La manifestation, qui avait été autorisée, s’est déroulée sous haute surveillance policière.

La députée Hanitra Razafimanantsoa, porte-parole du parti Tiako I Madagasikara (TIM) de l’ancien président Marc Ravalomanana, s’est adressée à la foule, parmi laquelle de nombreuses personnes portaient des chemises rouges et des masques chirurgicaux.

« Nous avons reçu des bailleurs de fonds 600 millions de dollars d’aide pour faire face à la pandémie de Covid-19, mais aucun de nous ici n’a pu bénéficier de ces aides », a-t-elle affirmé, dénonçant une « exclusion ».

La réponse du régime du président Andry Rajoelina à la pandémie de nouveau coronavirus fait l’objet de critiques de l’opposition.

Un opposant, ancien ministre, Harry Laurent Rahajason, a été condamné en octobre à trois ans de prison pour complicité de manifestation non autorisée en juillet, autour de critiques contre une tisane présentée par l’actuel président comme un remède anti-coronavirus.

Une nouvelle demande de remise en liberté lui a été refusée vendredi.

En mai, l’OMS avait mis en garde contre toute tentation de promouvoir sans test scientifique la potion vantée par Andry Rajoelina.

Les autorités ont officiellement recensé 297 morts du Covid dans la Grande Ile de l’océan Indien.

Les restrictions de mouvement ont affaibli l’économie du pays, dont le sud est frappé par une grave sécheresse.

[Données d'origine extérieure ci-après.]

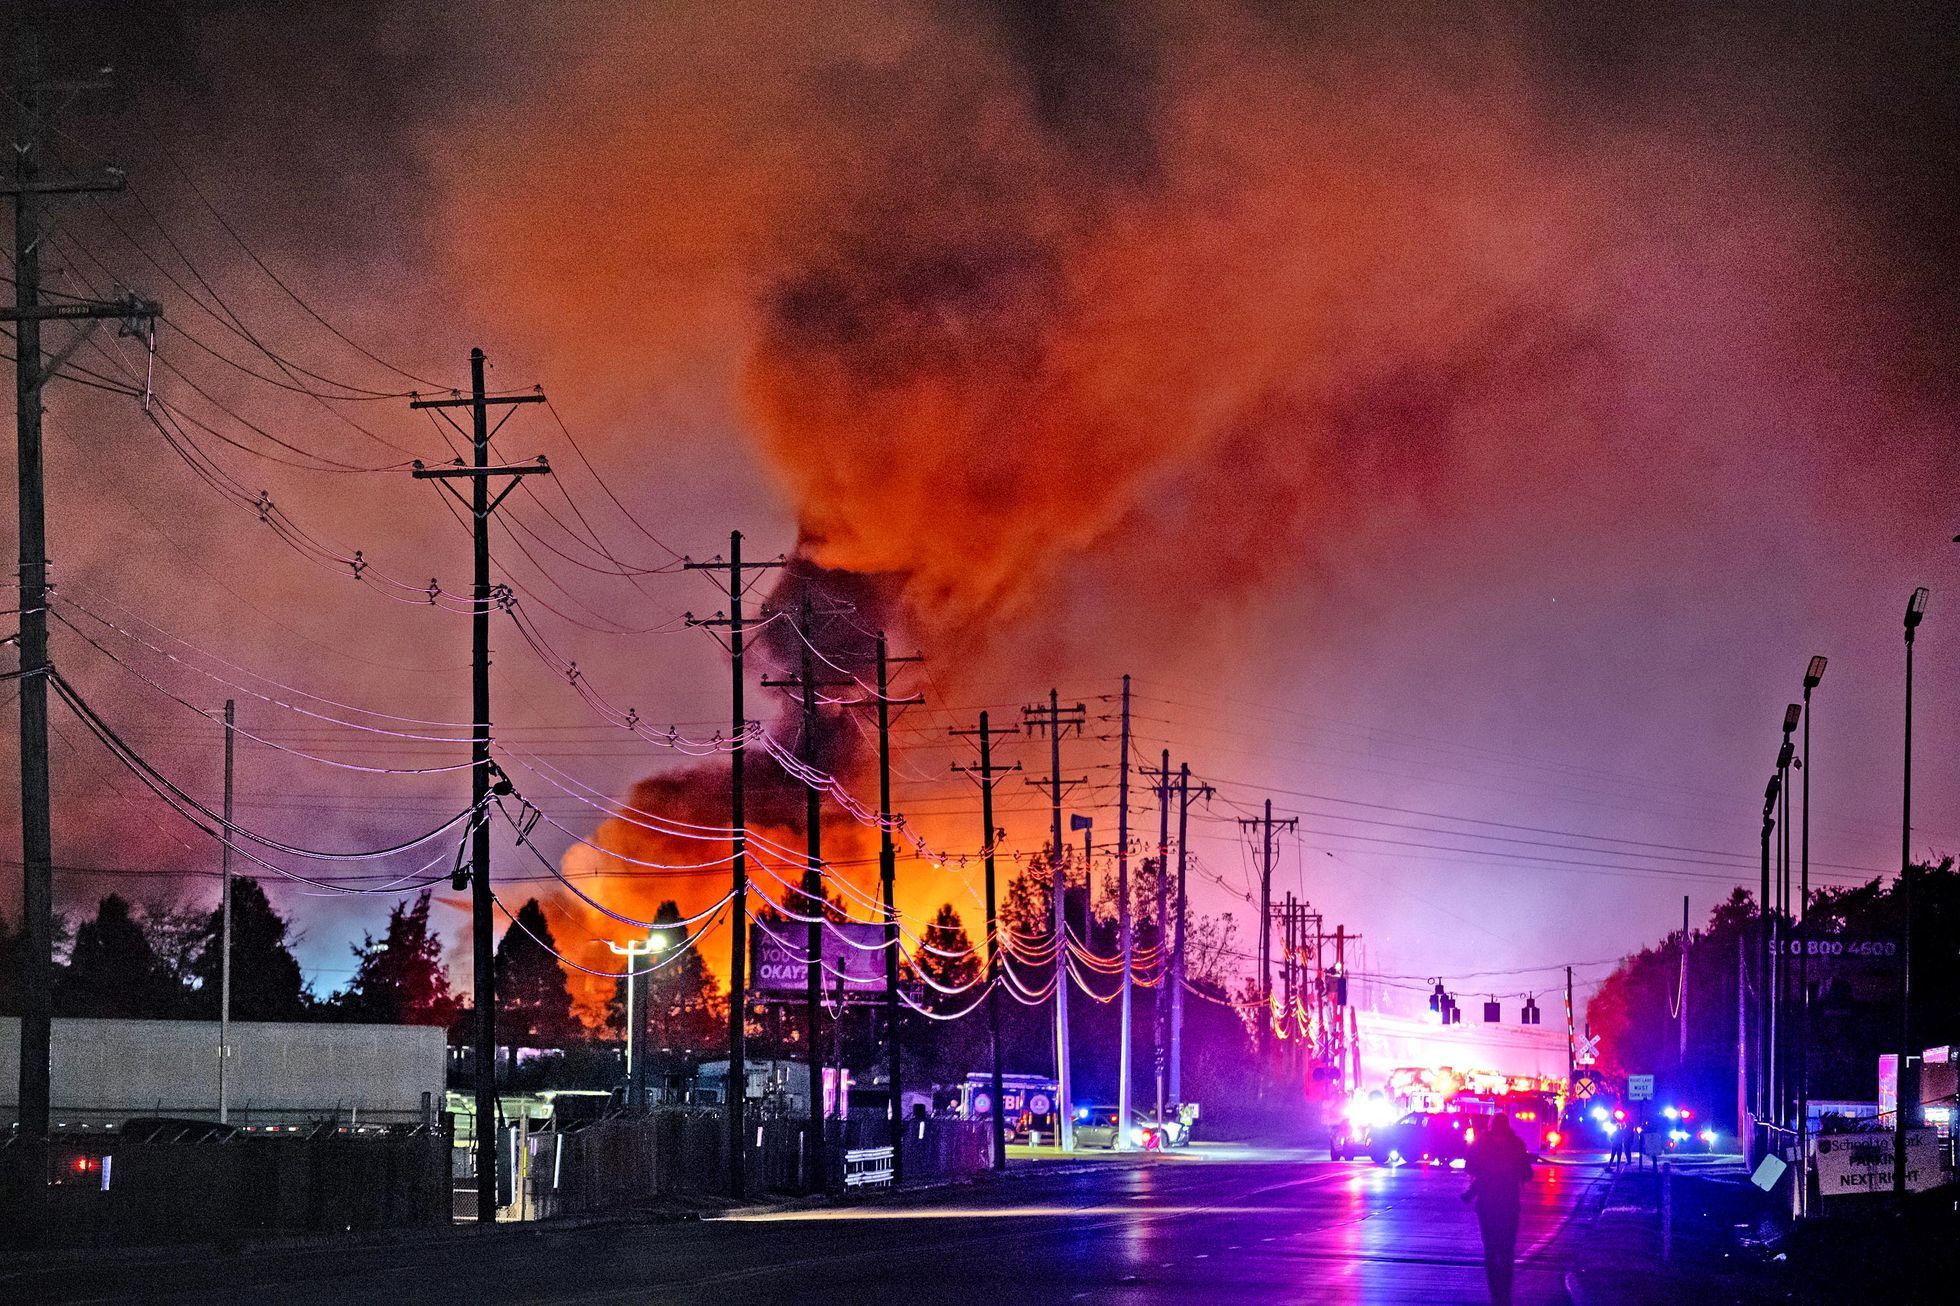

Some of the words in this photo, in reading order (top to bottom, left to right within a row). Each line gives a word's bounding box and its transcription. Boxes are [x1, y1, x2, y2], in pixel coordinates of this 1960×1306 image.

[1807, 940, 1843, 955] 800
[762, 948, 791, 962] YOU
[760, 964, 808, 979] OKAY?
[1892, 1133, 1923, 1147] ork
[1840, 1173, 1876, 1186] NEXT
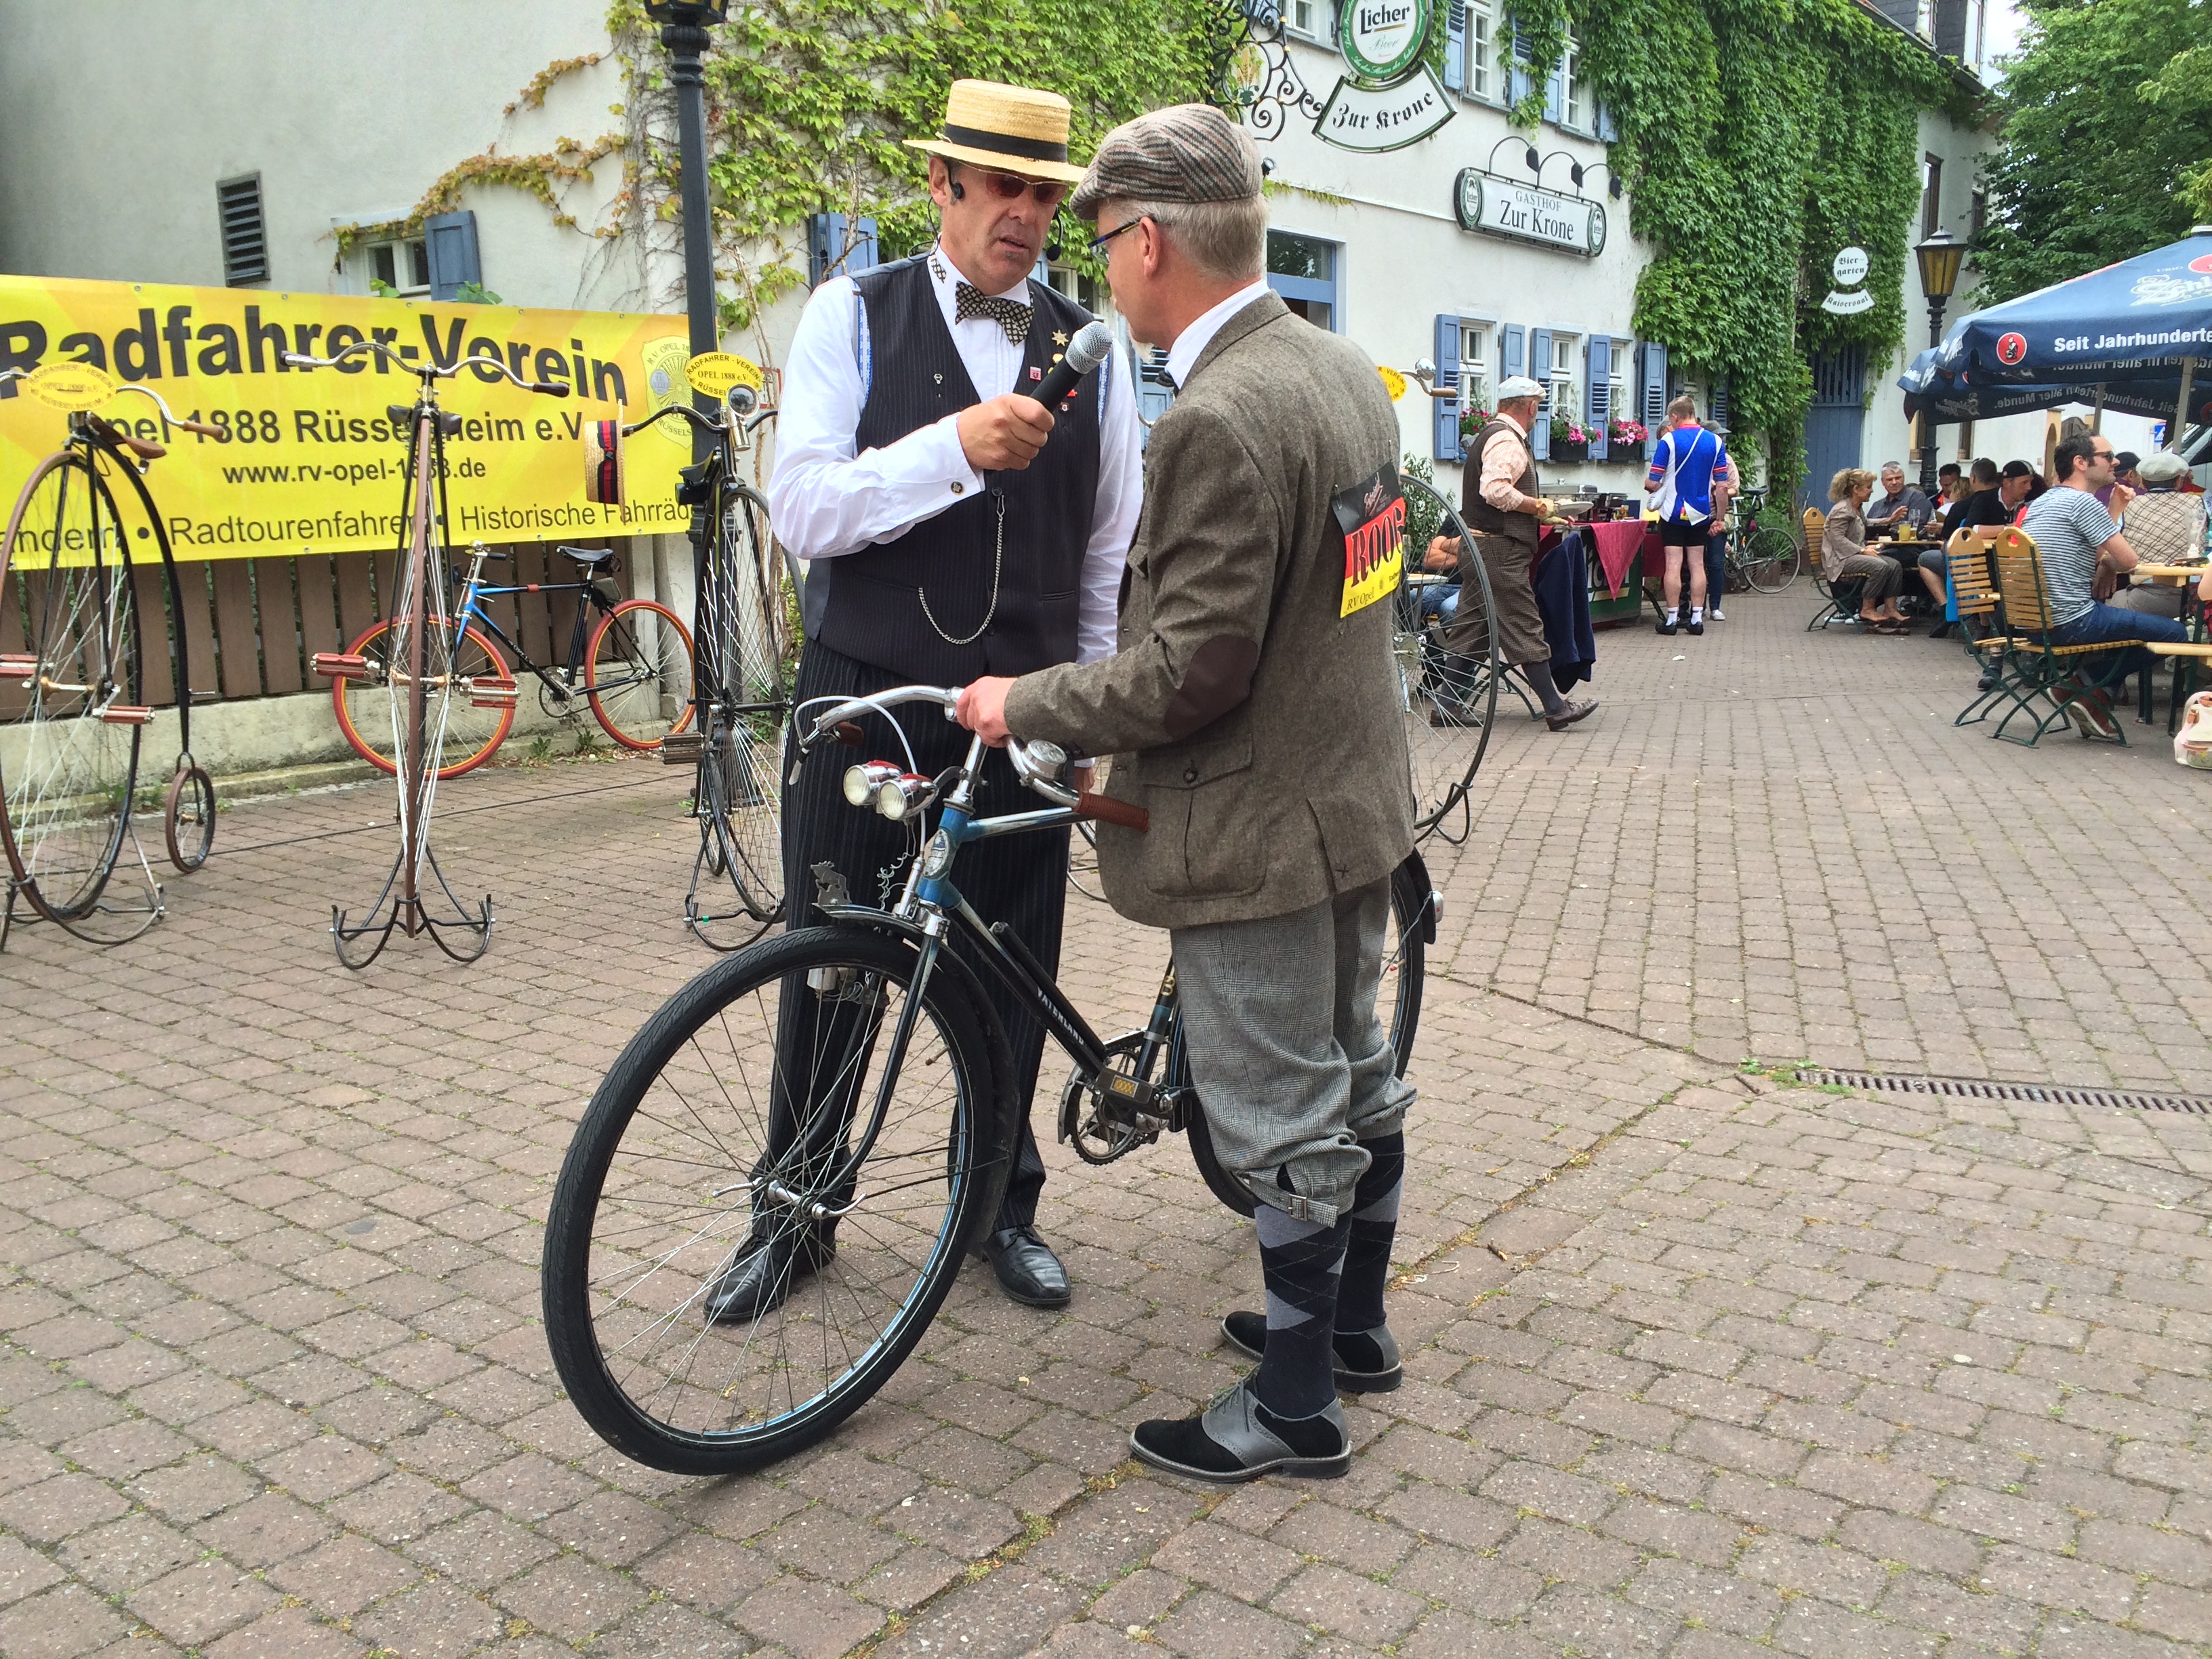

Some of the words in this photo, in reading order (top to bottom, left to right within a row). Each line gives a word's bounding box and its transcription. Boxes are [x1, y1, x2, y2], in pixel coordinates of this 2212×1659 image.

[1359, 3, 1410, 35] Licher
[1332, 102, 1370, 130] Zur
[1376, 92, 1434, 130] Krone
[1515, 190, 1562, 212] GASTHOF
[1499, 200, 1528, 230] Zur
[1532, 207, 1574, 241] Krone
[1837, 268, 1864, 278] garten
[0, 305, 628, 407] Radfahrer-Verein
[2054, 336, 2089, 352] Seit
[686, 354, 729, 375] RADFAHRER
[736, 358, 760, 381] VEREIN
[697, 370, 719, 380] OPEL
[720, 372, 736, 380] 1888
[186, 409, 281, 444] 1888
[460, 501, 596, 532] Historische
[1347, 595, 1360, 611] RV
[1359, 587, 1374, 605] Opel
[1036, 985, 1084, 1045] VATERLAND

Plus de 4.000 enfants ont déjà été soignés pour malnutrition depuis le début de l’année, selon l’ONG Action contre la Faim (ACF).

L’opposition dénonce aussi le coût grandissant de la vie et des denrées alimentaires de base.

« Le kilo de riz coûte maintenant 3.000 Ariary, c’est deux fois le prix d’il y a deux ans », avant l’élection d’Andry Rajoelina, a souligné Mme Razafimanantsoa.